Psychologists have an interesting theory when it comes to the impact leaders have on their followers. Termed the “credibility of the source”, it means the more credible the source the more persuasive the message. Would you take pedicure pointers from Arnold Schwarzenegger? Or investment tips from Bernie Madoff? Extreme examples, but you get the point.

In business, it means if you expect your employees to follow the rules you set, you need to follow them yourself first. This includes all your behaviour in and towards the workplace. Your actions and example will always have more of an impact than your words.


Your employees need to understand that their actions impact the working environment, and you need to put motivations in place to encourage positive results. Rewards can be internal or external. An external reward could be a photo on your employee-of-the month board, or a bonus, while an internal reward could be the emotional impact of sincere words of congratulations from a respectful leader. Combining the two greatly increases the perceived value of the reward.

No disciplinary code? Get one! There are many examples available on the internet, and even more available from labour specialists. Put it in place, communicate it to all staff, and study the severity of certain workplace misconduct. Study the disciplinary code and be consistent when handling non-compliance. South African labour legislation is extremely pedantic and can be difficult to work with. Be aware of your rights, and seek advice if you need it.

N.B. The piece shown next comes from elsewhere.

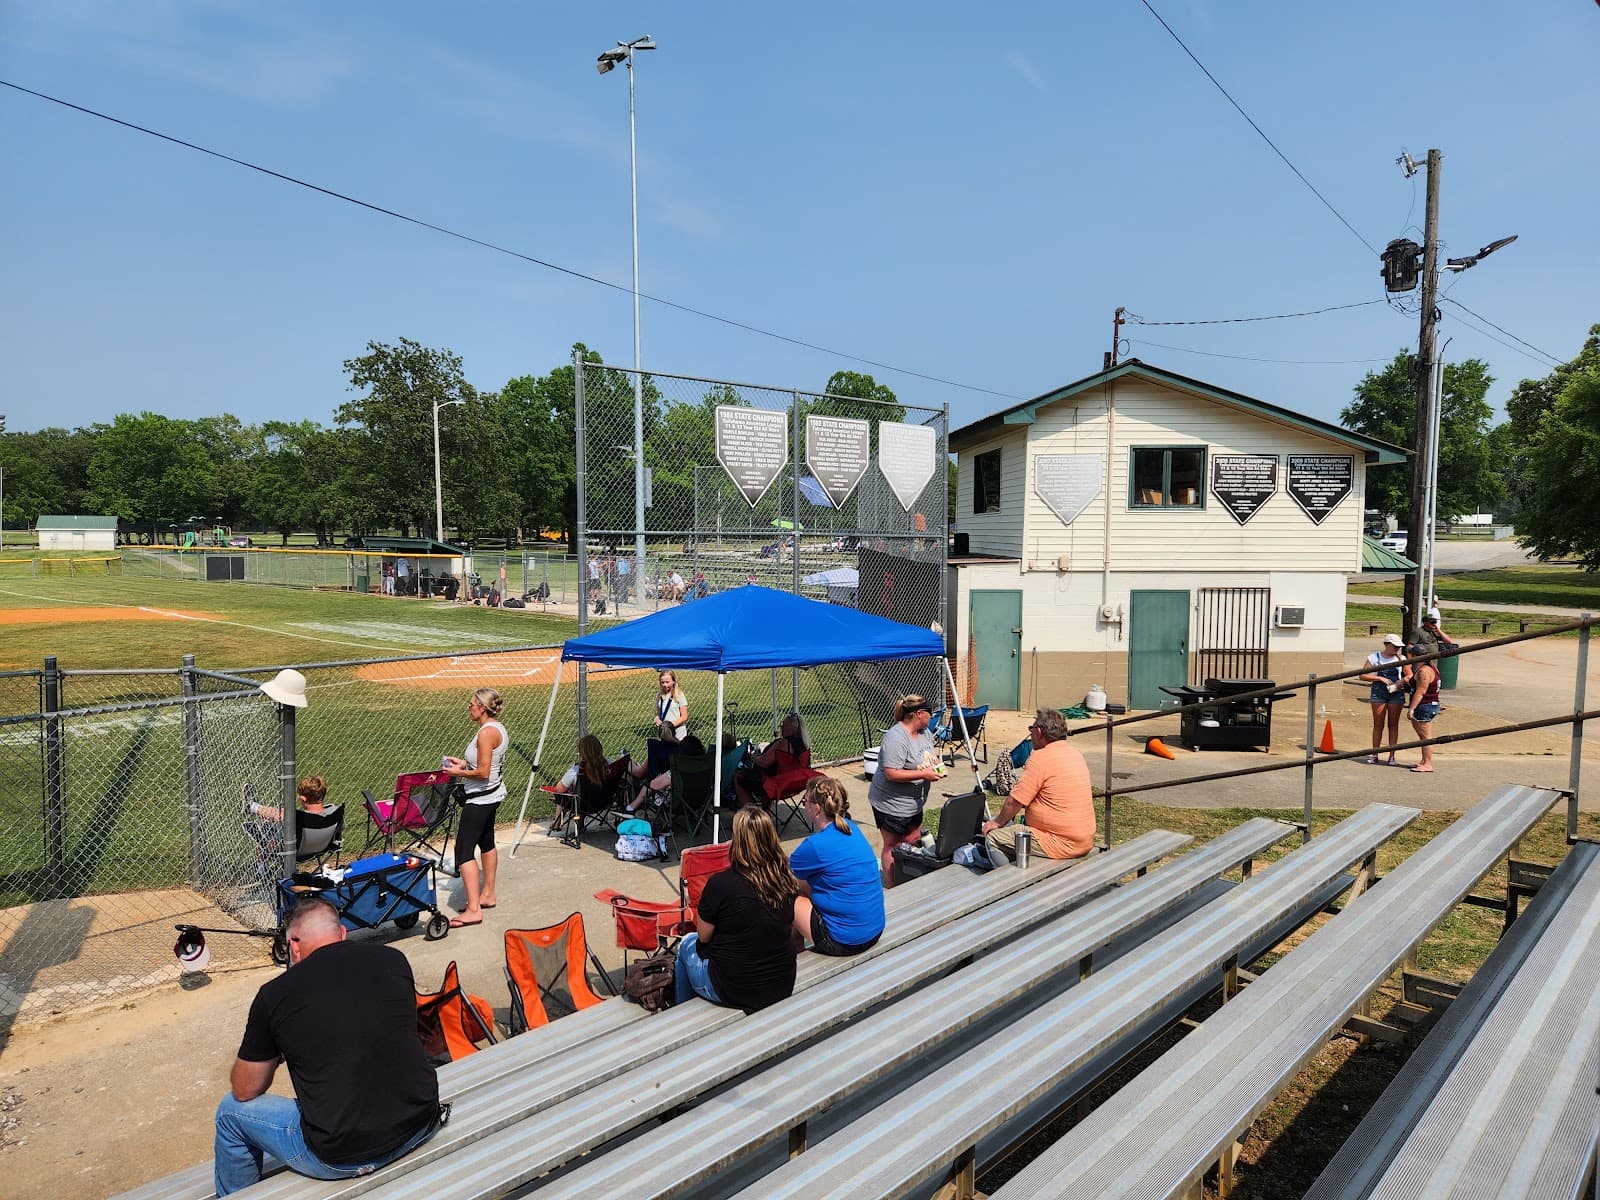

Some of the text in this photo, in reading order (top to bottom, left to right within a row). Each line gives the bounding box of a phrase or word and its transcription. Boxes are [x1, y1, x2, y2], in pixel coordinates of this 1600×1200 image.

[734, 413, 751, 421] STATE
[752, 414, 784, 423] CHAMPIONS
[838, 422, 866, 430] CHAMPIONS

Employee loyalty will have a significant effect on your business, including its ability to tap into the valuable skills sets on offer. A loyal employee will gladly work extra hours, will take on tasks that are outside of the contract, and will take on extra responsibility. A loyal employee is extremely valuable to a business; worth more than any asset that depreciates!

Loyalty is difficult to measure, but can be encouraged through your fair and reasonable approach to running the business. Fairness, as an employer, means treating staff in an equitable way and not discriminating. Your employees will see this as the norm and will do their part to maintain the status quo.

Be reasonable in the tasks you dish out. It’s part of your role to delegate tasks, but be reasonable in your expectations. Don’t expect your accountant to paint your house in a day! And don’t extend the goals too far as employees can become addicted to the excitement of a challenge and broadening their skills to the detriment of their key tasks.

There are positives and negatives to leading a team, but your primary concern should be ensuring the longevity and success of the business. Good leaders put structures in place to ensure their business stay on course and they manage their expectations, while striving for excellence, but not blind to the strength of their team.


Matt Haddon – Consultant at Copia Consulting (Your Business – Volume 19 No 2)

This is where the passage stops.